A carestia está na boca do povo, mas são os mais pobres os que sofrem mais suas consequências.

Com a venda de saladas no mercado popular de La Vega, Ana pagou pela educação dos quatro filhos. Mas agora, seus clientes compram verduras e eles próprios as preparam para contornar os preços elevados.

“Durante a semana não vendo. Antes, vendia por quilo”, mas hoje só com as vendas de sábado e domingo “podemos passar a semana”, conta à AFP Ana, de 56 anos, quarenta e dois deles trabalhando em La Vega.

“Nunca vi nada parecido. Tem gente que anda pedindo verduras para levar para casa”, acrescenta em seu box vazio, mas aonde vai diariamente alimentar seus gatos.

Em maio, o Índice de Preços ao Consumidor (IPC) subiu 1,2%, alcançando 11,5% de alta ao ano, a maior desde 1994, muito acima dos cerca de 3% que a inflação registrou na última década. Em 2022, a alta já acumulou 6,1%.

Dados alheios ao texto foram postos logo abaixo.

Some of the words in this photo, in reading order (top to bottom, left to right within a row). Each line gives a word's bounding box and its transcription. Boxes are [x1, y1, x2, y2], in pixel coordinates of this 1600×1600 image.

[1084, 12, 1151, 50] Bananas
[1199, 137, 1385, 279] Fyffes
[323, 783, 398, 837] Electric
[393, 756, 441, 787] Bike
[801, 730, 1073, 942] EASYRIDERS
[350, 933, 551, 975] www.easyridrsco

Segundo especialistas, a substituição de categorias mais caras, a escolha de “marcas próprias” e o preparo dos alimentos em casa são hábitos tradicionais de proteção dos consumidores diante do aumento dos preços.

Roxana, que vende ovos, confirma a teoria: hoje vende menos e menores.

“Quando as pessoas têm dinheiro, levam o maior; agora, levam o menor porque estão tentando encontrar o mais barato e que o orçamento dê”, diz à AFP.